Annotated photo localization data
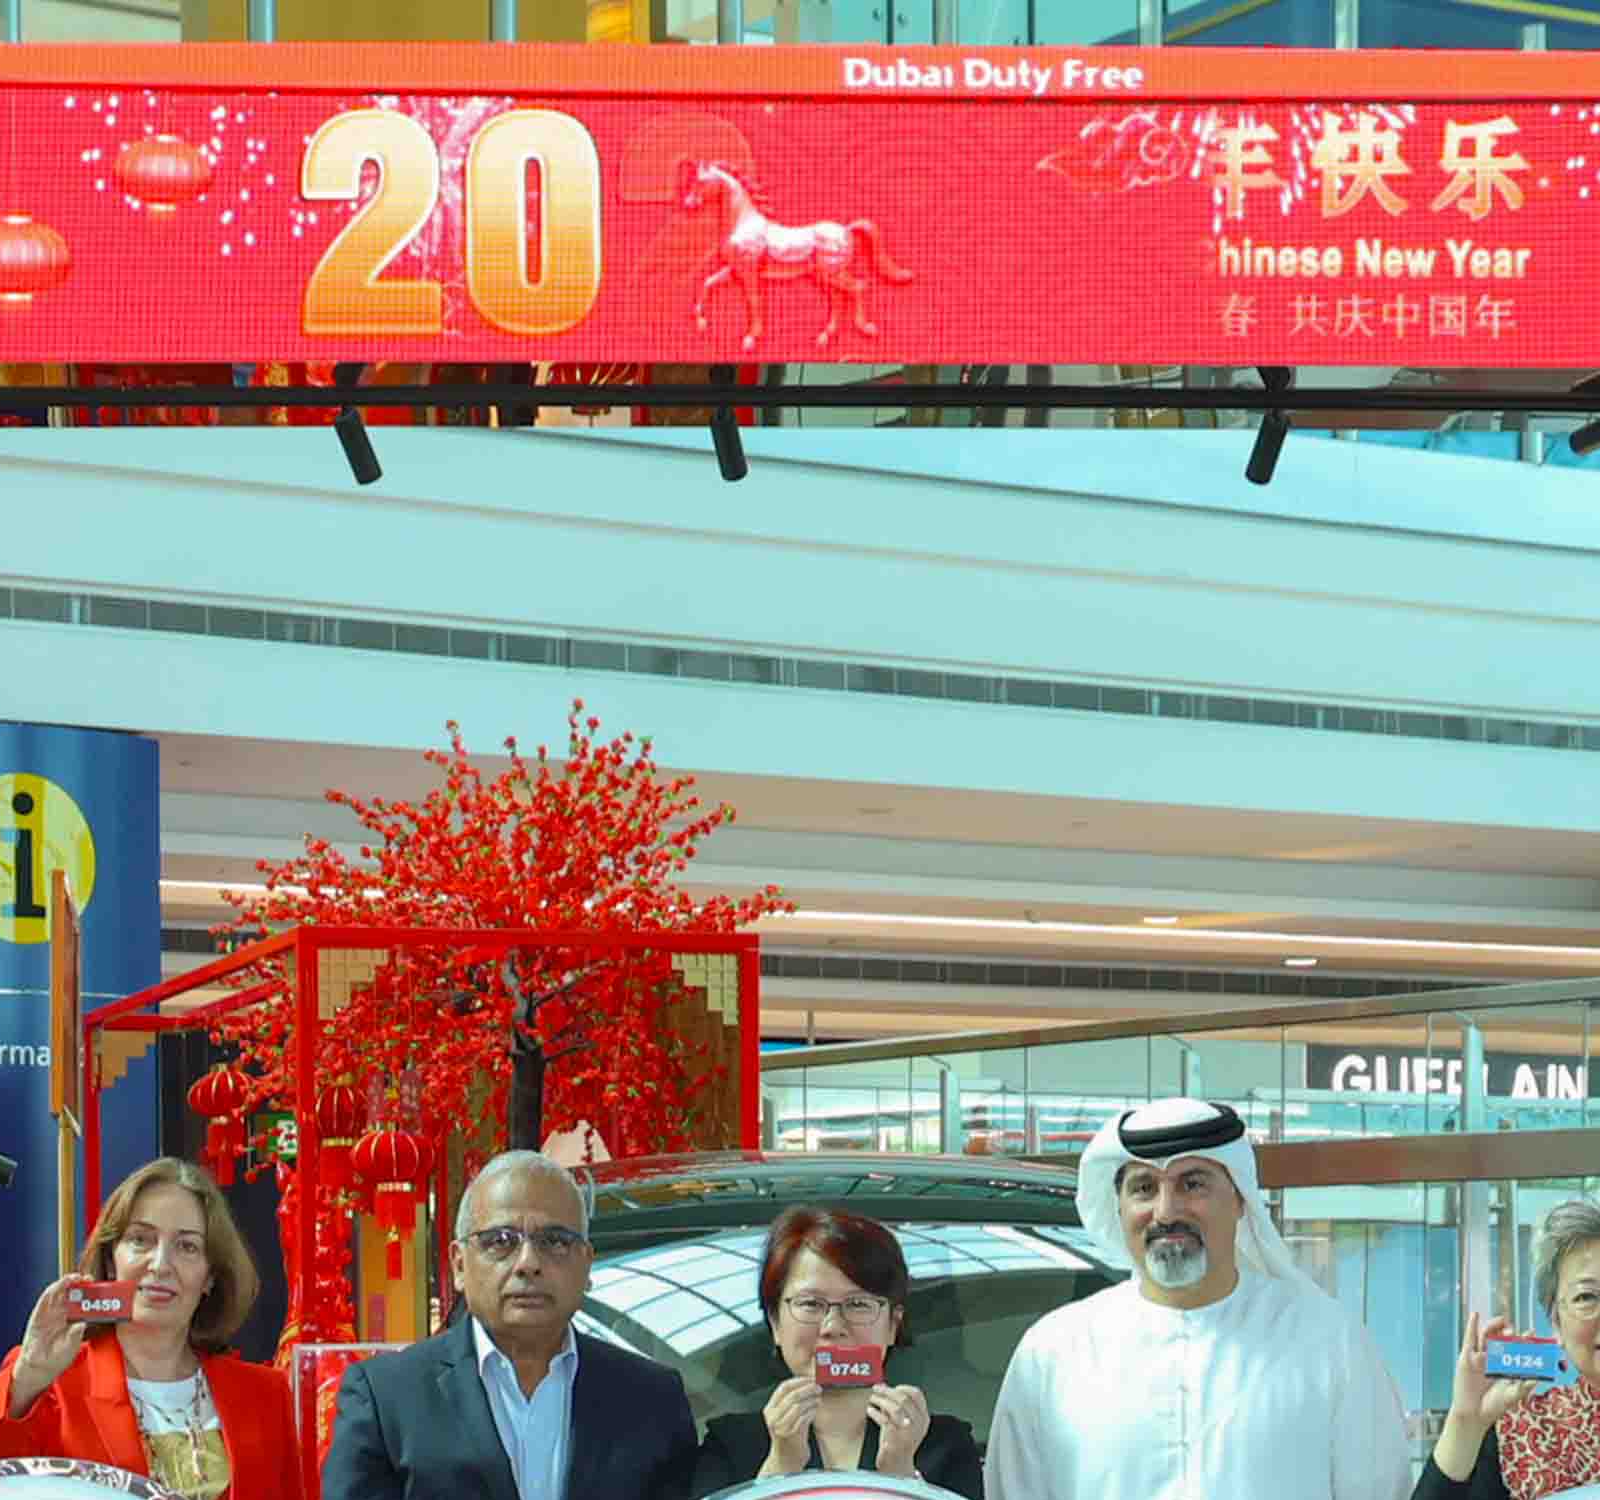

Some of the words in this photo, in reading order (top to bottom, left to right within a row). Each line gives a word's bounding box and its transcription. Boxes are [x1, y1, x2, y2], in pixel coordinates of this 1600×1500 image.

[843, 57, 953, 88] Dubai
[963, 58, 1054, 96] Duty
[1063, 58, 1145, 90] Free
[301, 107, 602, 335] 20
[1217, 236, 1344, 279] hinese
[1354, 237, 1439, 279] New
[1444, 237, 1533, 279] Year
[81, 1299, 121, 1312] 0459
[830, 1363, 871, 1377] 0742
[1502, 1353, 1544, 1369] 0124

## Task statement:
Give every entry back unchanged, with no pictures.

## Final answer:
Some of the words in this photo, in reading order (top to bottom, left to right within a row). Each line gives a word's bounding box and its transcription. Boxes are [x1, y1, x2, y2], in pixel coordinates of this 1600×1500 image.

[843, 57, 953, 88] Dubai
[963, 58, 1054, 96] Duty
[1063, 58, 1145, 90] Free
[301, 107, 602, 335] 20
[1217, 236, 1344, 279] hinese
[1354, 237, 1439, 279] New
[1444, 237, 1533, 279] Year
[81, 1299, 121, 1312] 0459
[830, 1363, 871, 1377] 0742
[1502, 1353, 1544, 1369] 0124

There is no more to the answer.